The Mongol Empire fell apart, bit by bit, over the following century, with the tribes outside the Mongol heartland becoming assimilated into the native cultures; out of the four major empires it fragmented into, threenote quietly merged with the local Muslim dynasties, while the remaining one, the Yuan dynasty, became just the latest addition to the "barbaric hordes civilized by China" gallery. The tribes would unify again on later occasions, but they never again managed to conquer so much territory. In the 17th century, the Mongols, who by then had largely adopted Tibetan Buddhism, became vassals of the Qing Dynasty.
They regained their independence in 1921 as China was in the throes of the Warlord Era, but in short order they fell under the suzerainty of the Soviet Union. For better or worse, the move was a total necessity: even as late as the 1950s, after the Chinese Civil War, maps belonging to the Nationalist Chinese Government identified Mongolia as part of the Republic of China on the basis of being the successor to the Chinese Empire (in fact, the RoC government, even when confined to the island of Taiwan, continued to recognize Mongolia as part of China for the rest of the 20th century. While some laws were changed between 2002 and 2006 to permit Mongolia to be treated as a de facto foreign country, the RoC Constitution has not been amended to make the recognition formal as of 2015). Between Chinese anxiousness to reincorporate Mongolia and the Japanese invasion of Manchuria, the geographically huge but demographically small Mongolian People's Republic owed its continued independence to its role as a Soviet-endorsed buffer between the USSR and China. Mongolian politics and national defense was largely shaped on the basis of counting on this role while stuck between two of the largest countries in the world. During this period, the Mongols were led first by Damdin Sükhbaatar, for whom the capital (Ulanbaatar - "Red Hero") is named. Sükhbaatar is generally considered to be the Father of modern Mongolia. Unfortunately, he died of overwork in 1923 (though popular narratives suggest he was poisoned). The other important leader of Mongolia during this period was Khorloogiin Choibalsan, whose nickname "the Stalin of Mongolia" should tell you everything you need to know about him.

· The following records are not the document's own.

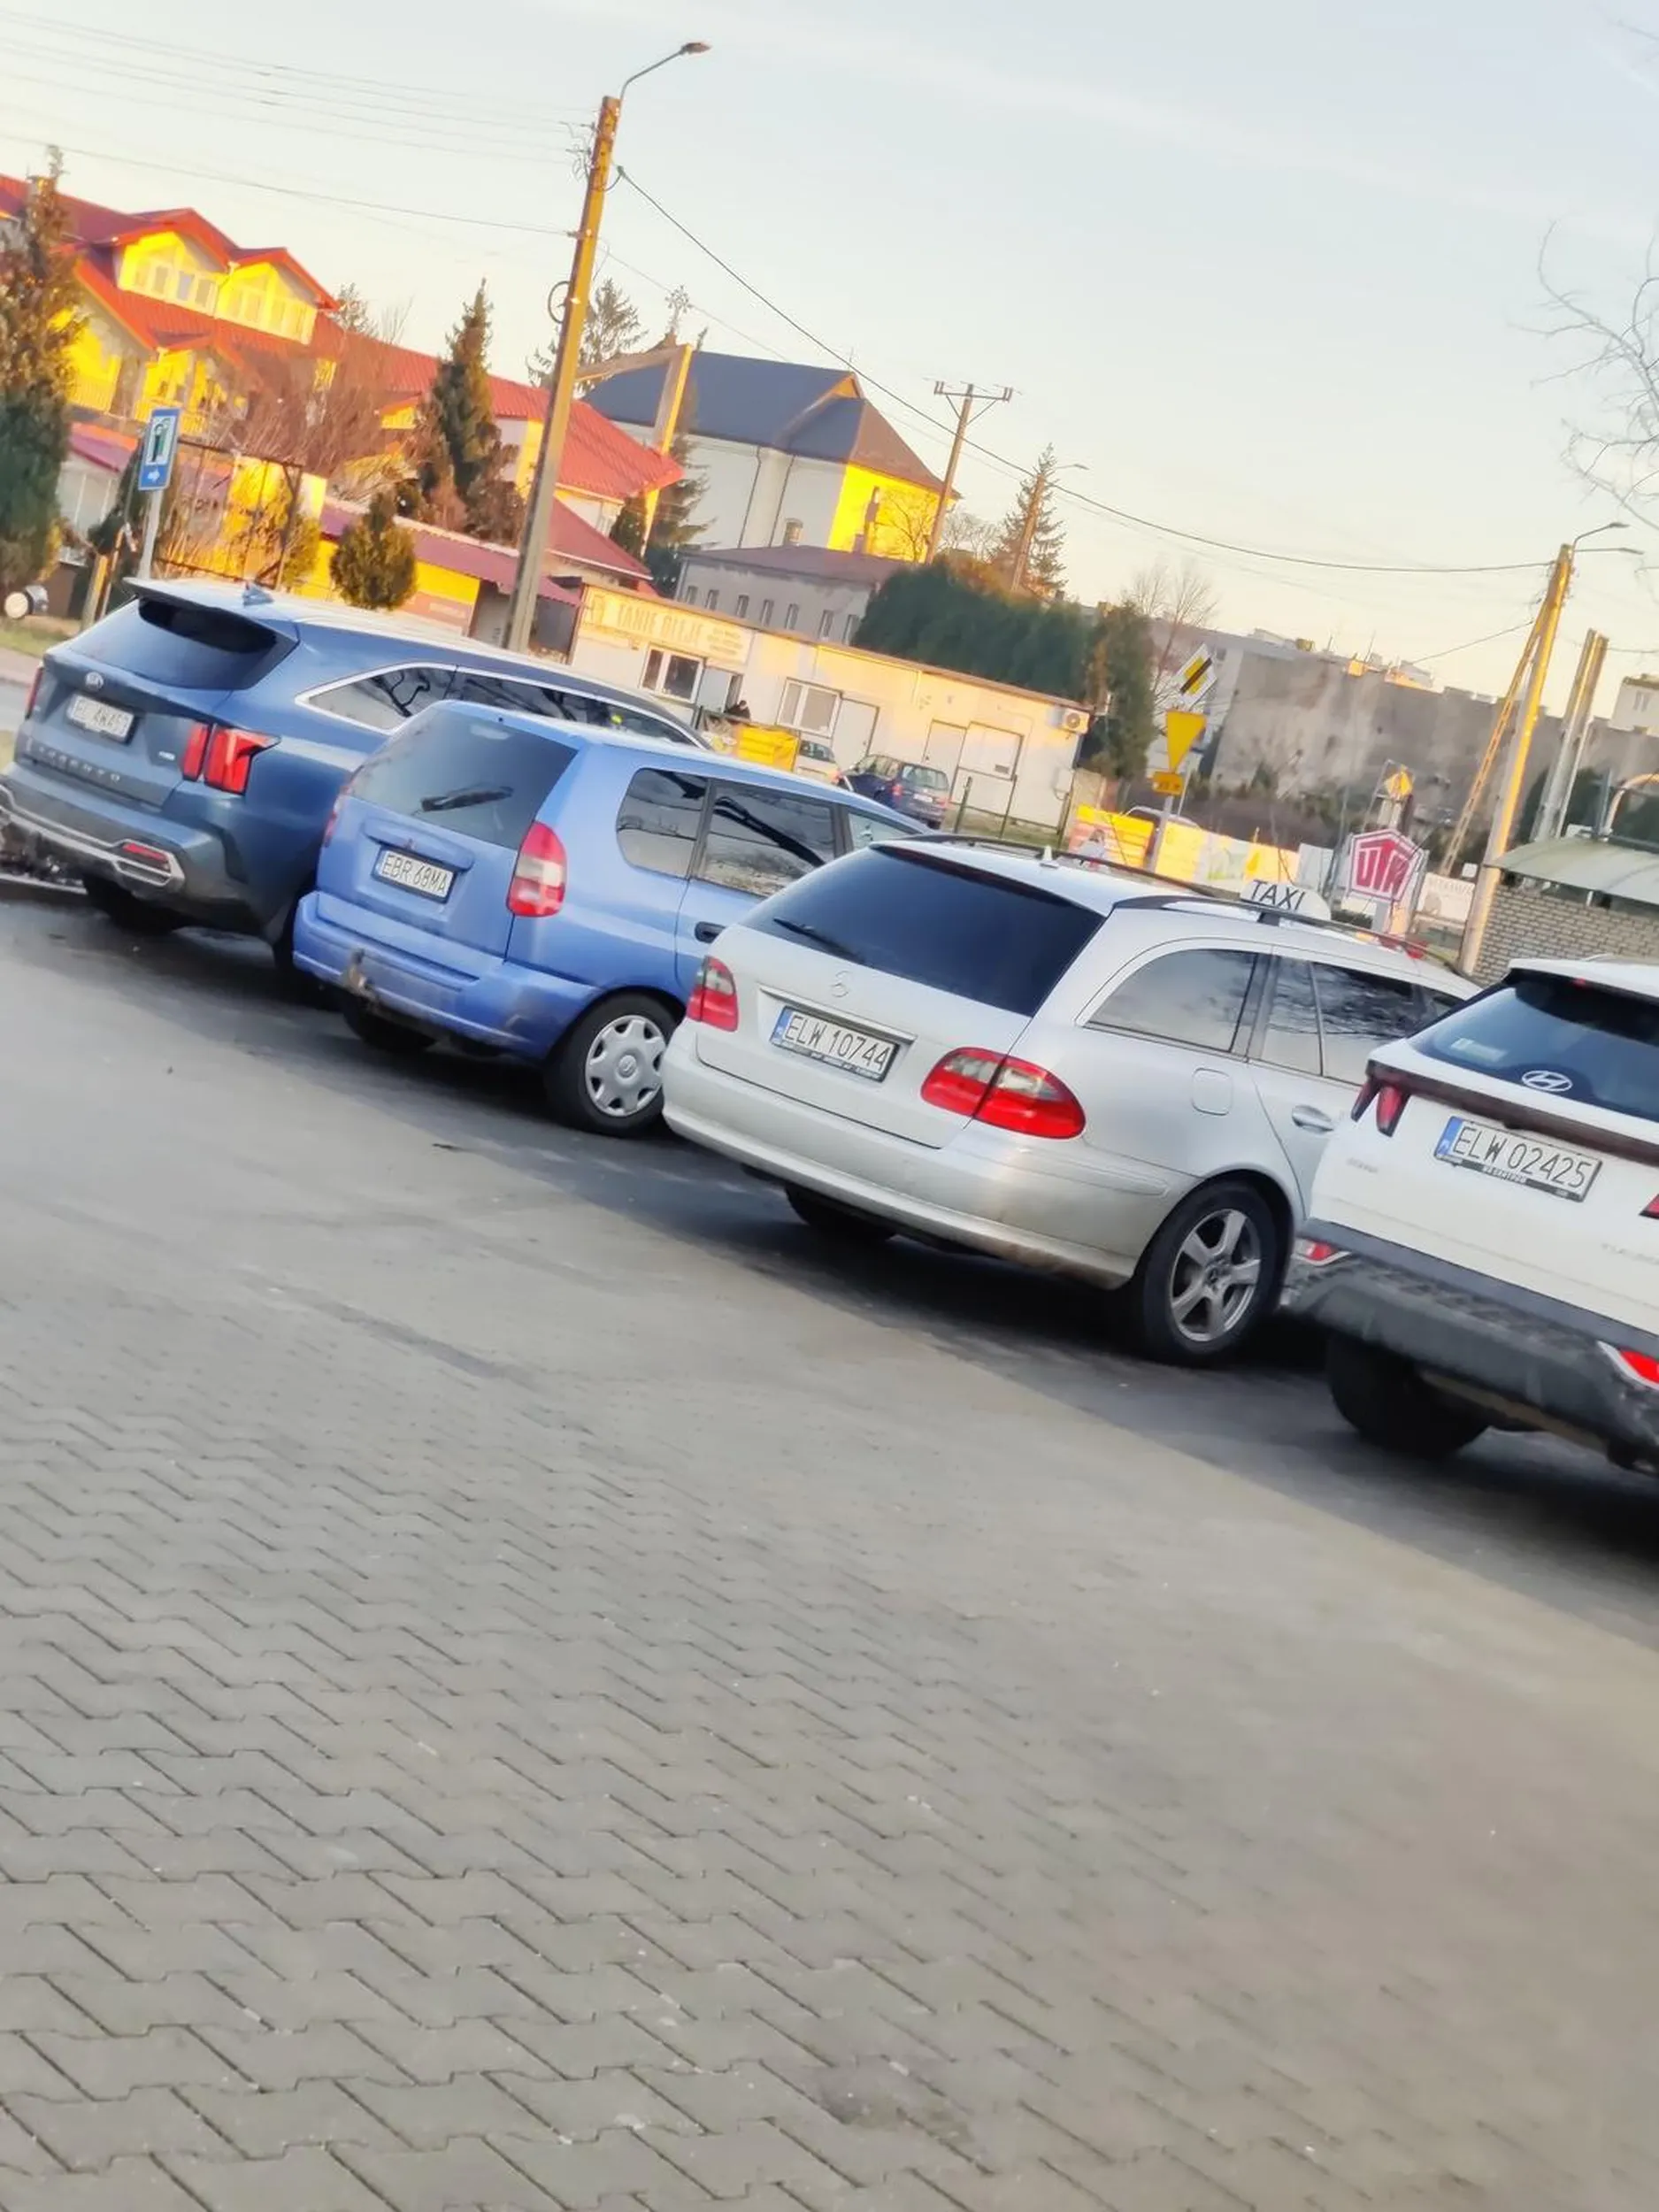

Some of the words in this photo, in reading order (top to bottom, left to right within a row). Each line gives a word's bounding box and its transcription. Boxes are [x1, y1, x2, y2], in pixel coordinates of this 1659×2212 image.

[381, 854, 412, 882] EBR
[1250, 879, 1307, 910] TAXI
[784, 1014, 827, 1048] ELW
[828, 1030, 891, 1071] 10744
[1452, 1125, 1508, 1164] ELW
[1506, 1142, 1593, 1189] 02425

In the 1950s, a small minority of Mongolian leaders, including the leader of the time, Yumjaagiin Tsedenbal, pursued the incorporation of Mongolia into the Soviet Union, but this was shot down by the rest of the ruling party and the USSR itself. The arrangement did ensure no further military action taken against Mongolia, even during the Sino-Soviet split.
After the collapse of the Soviet Union, Mongolia became a democracy, but it has found the transition from decades of collectivized economy difficult. These days, it is somewhat famous for its velociraptors (of the fossilized variety of course).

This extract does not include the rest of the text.